Other factors also indicate that business users may be at more risk than those whose computer use is entirely personal. This is because the mere fact of harvesting passwords for FTP programs may mean that the goal of the attack is to steal data that is stored on servers using File Transfer Protocol. Another possible aim of the cyber attack may be to compromise entire websites that happen to be stored on servers accessed through FTP. It is common for many SMBs to communicate with their servers via FTP, but relatively less likely that an individual computer user will be in the habit of using the popular business protocol.
The malware culprit in question is not entirely new. Instead, it is a variant of a malware family that was first brought to light back in 2010. This most recent variant’s operation is a case in point concerning why both business and personal computer users should be sure to keep the plug-ins in their internet browsers completely up to date.
Such plug-ins can provide data loss protection against sites that use Java to install malware on unsuspecting machines in what is known as a “drive by download.” All an internet user has to do to become infected is to visit the website hosting the malicious program, which can also be hidden inside PDF code.
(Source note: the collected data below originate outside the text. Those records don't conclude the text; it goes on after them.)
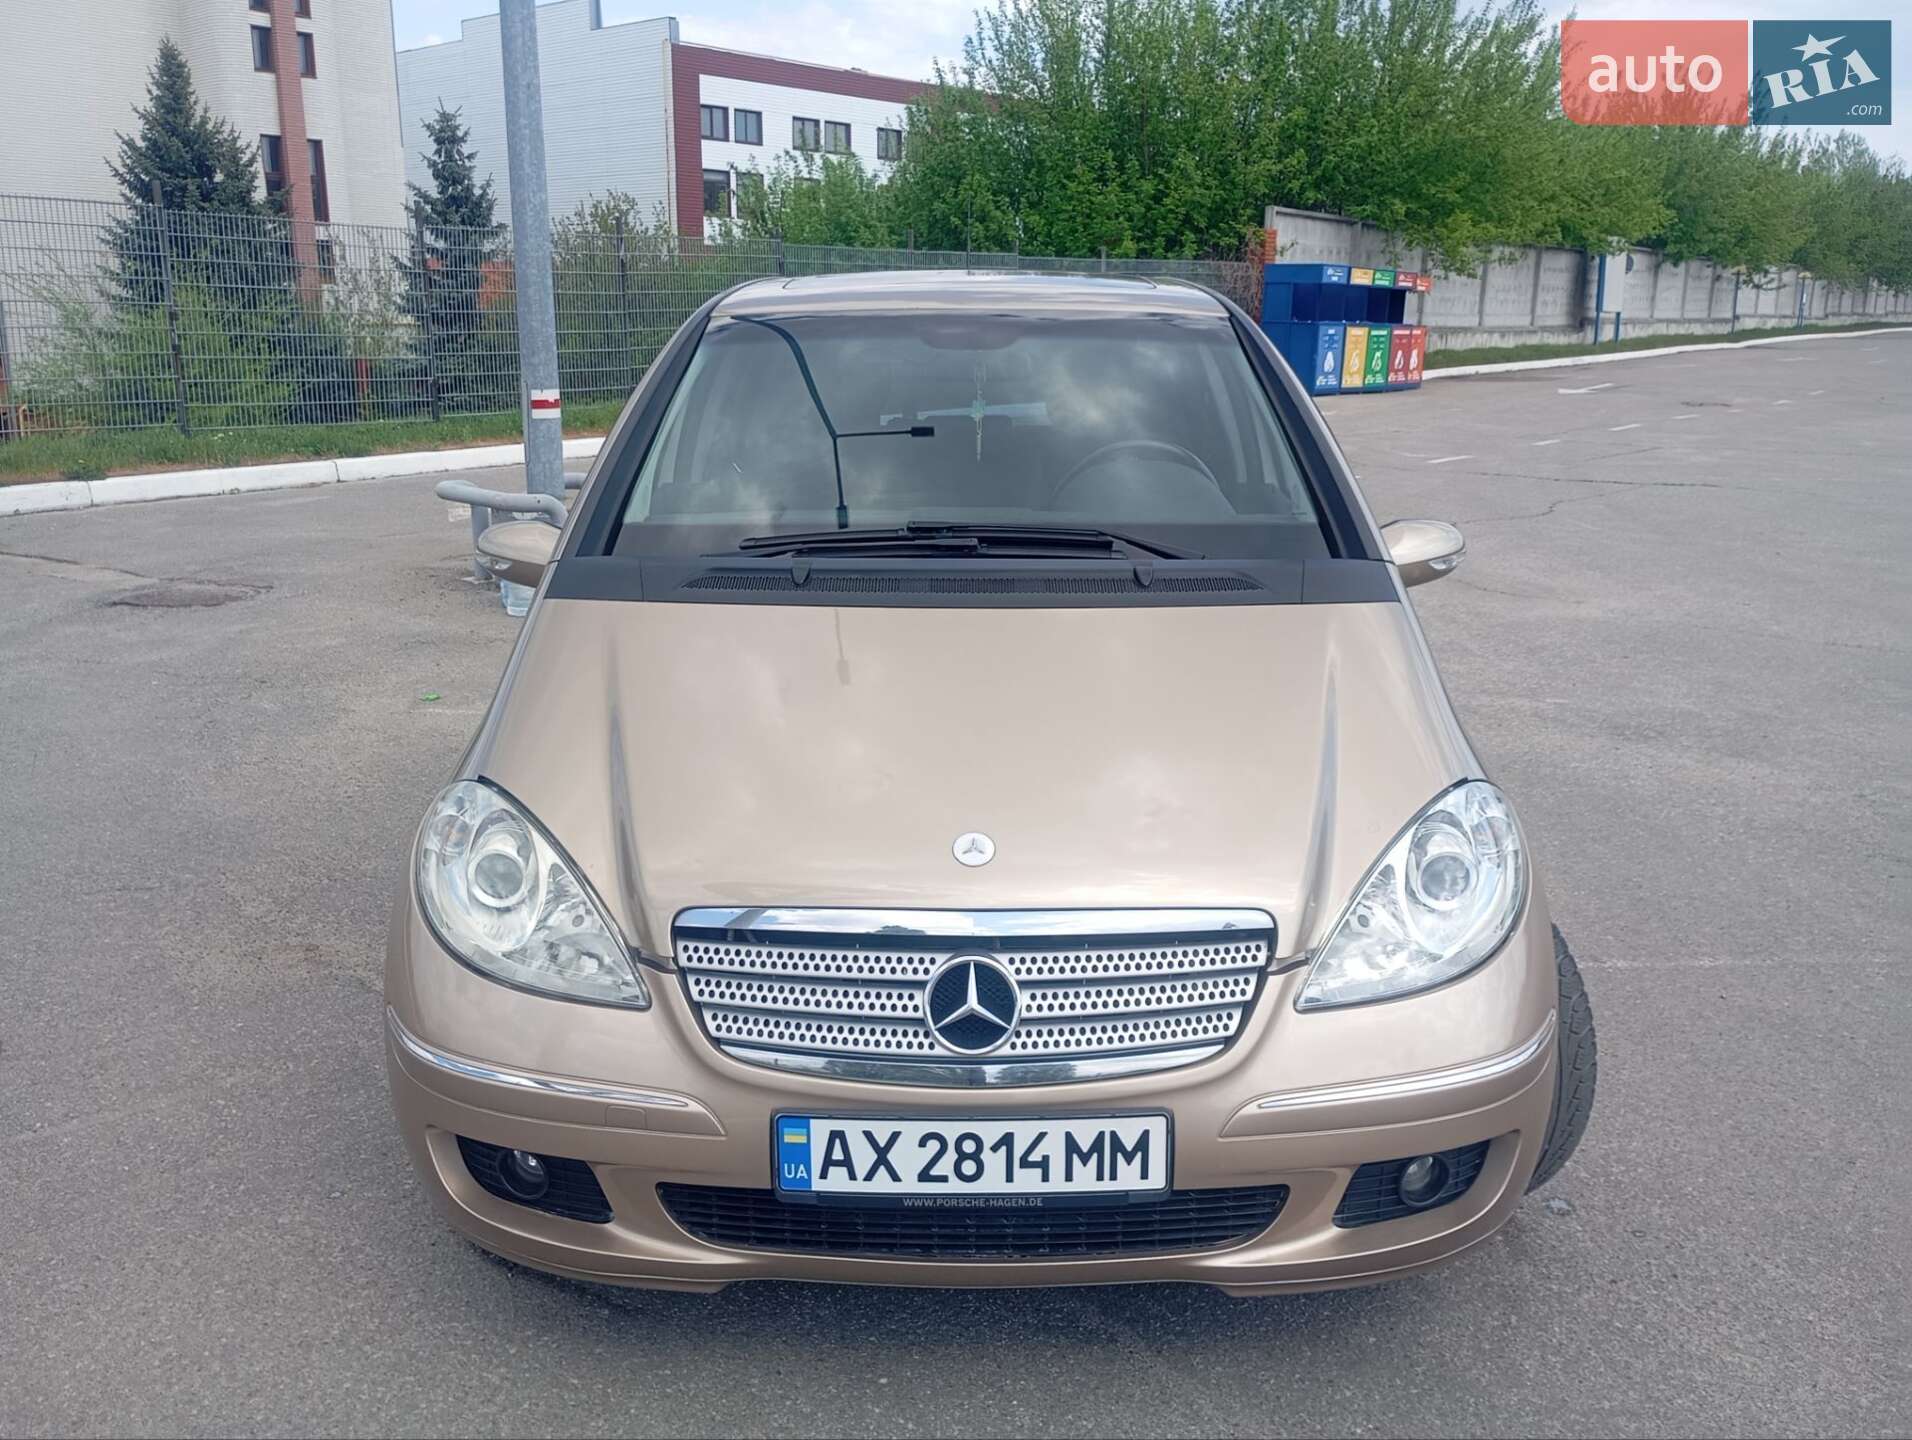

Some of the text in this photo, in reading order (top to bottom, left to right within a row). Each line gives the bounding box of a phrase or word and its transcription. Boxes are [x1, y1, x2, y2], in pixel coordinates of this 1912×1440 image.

[818, 1129, 1151, 1184] AX 2814 MM
[784, 1162, 808, 1180] UA
[902, 1197, 1044, 1208] WWW.PORSCHE-HAGEN.DE
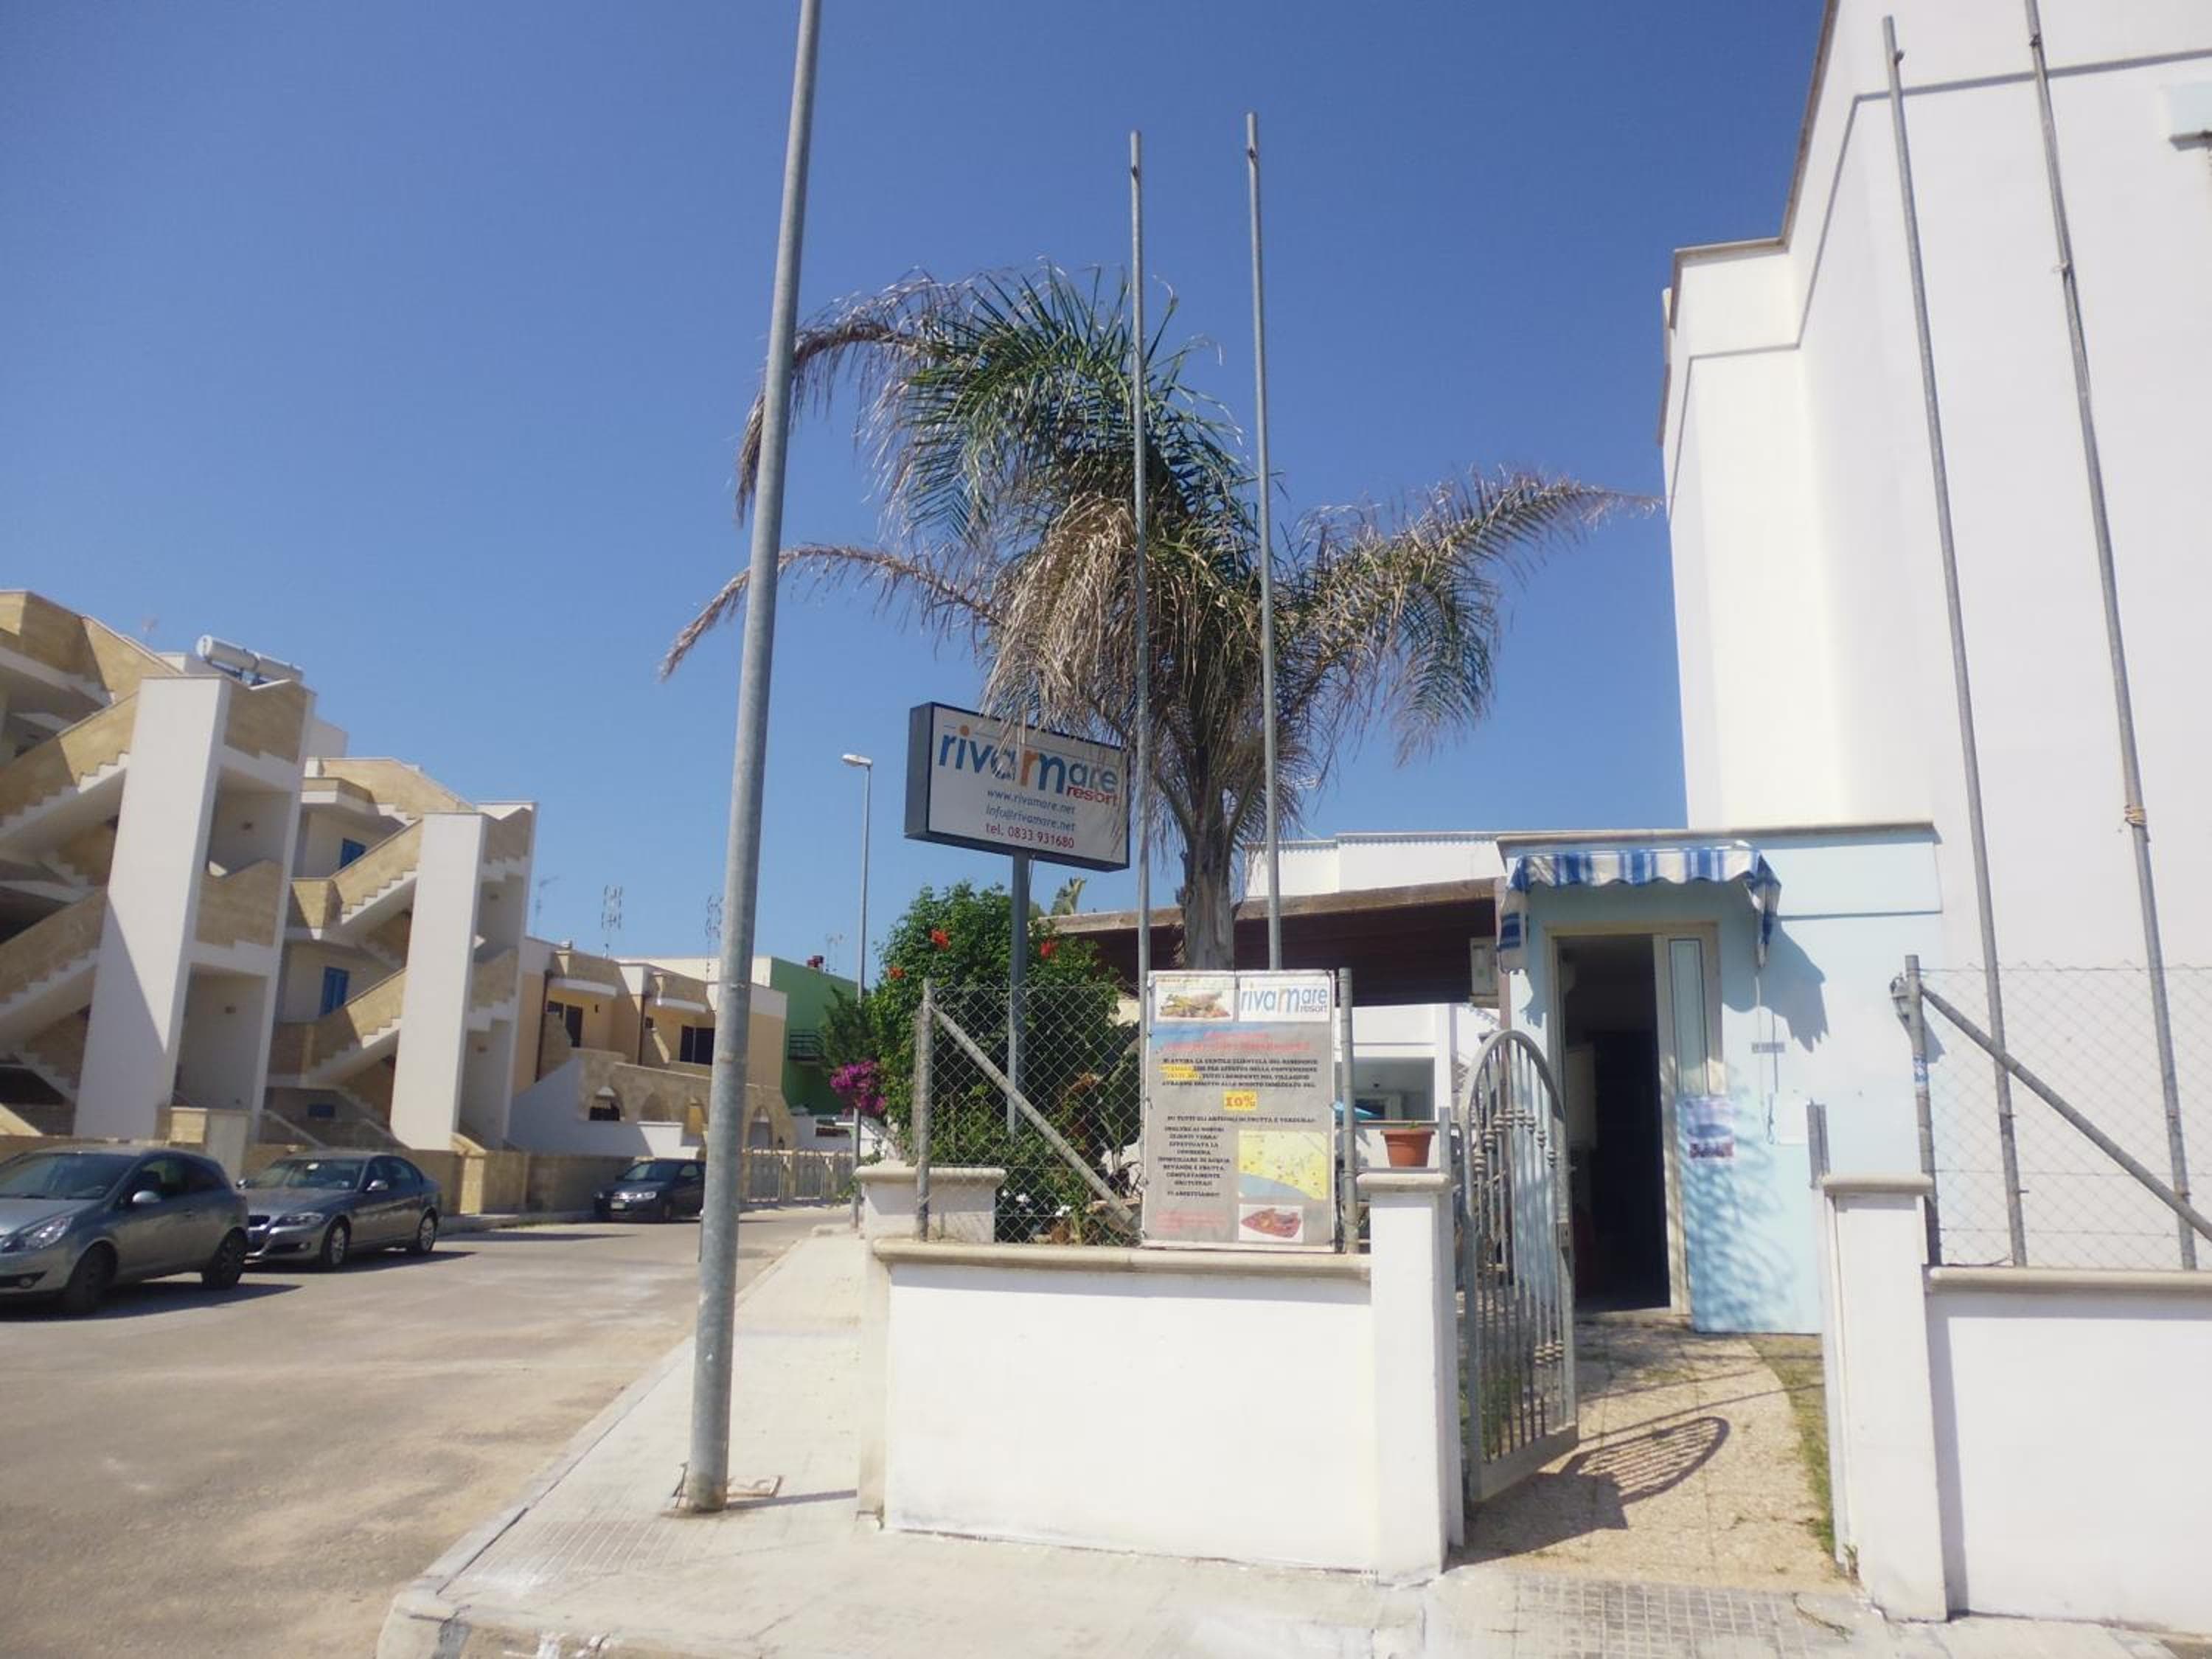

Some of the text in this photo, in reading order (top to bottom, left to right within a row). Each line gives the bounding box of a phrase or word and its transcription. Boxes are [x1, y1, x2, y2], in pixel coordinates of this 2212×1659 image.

[939, 725, 1118, 793] rivamare
[987, 790, 1076, 814] www.rivamare.net
[1066, 785, 1118, 806] resort
[987, 804, 1077, 831] info@rivamare.net
[1008, 826, 1033, 841] 0833
[1037, 831, 1074, 848] 931680
[1240, 983, 1327, 1015] rivamare
[1299, 1005, 1328, 1014] resort
Such websites are not necessarily limited to those that look dodgy on their surface, either. Some are disguised as legitimate business endeavors.
Even more confusing for the end user, some actually are legitimate business endeavors that have had the misfortune to be served with ads containing the malicious code; the website may not even be aware that it is engaged in distributing malware.
Computer security experts advise end users to keep their antivirus, anti-spyware, and browser plug-ins up to date. Businesses may want to invest in a company-wide strategy so that they can be sure that all systems are in sync with current best practices for avoiding malicious software on the web.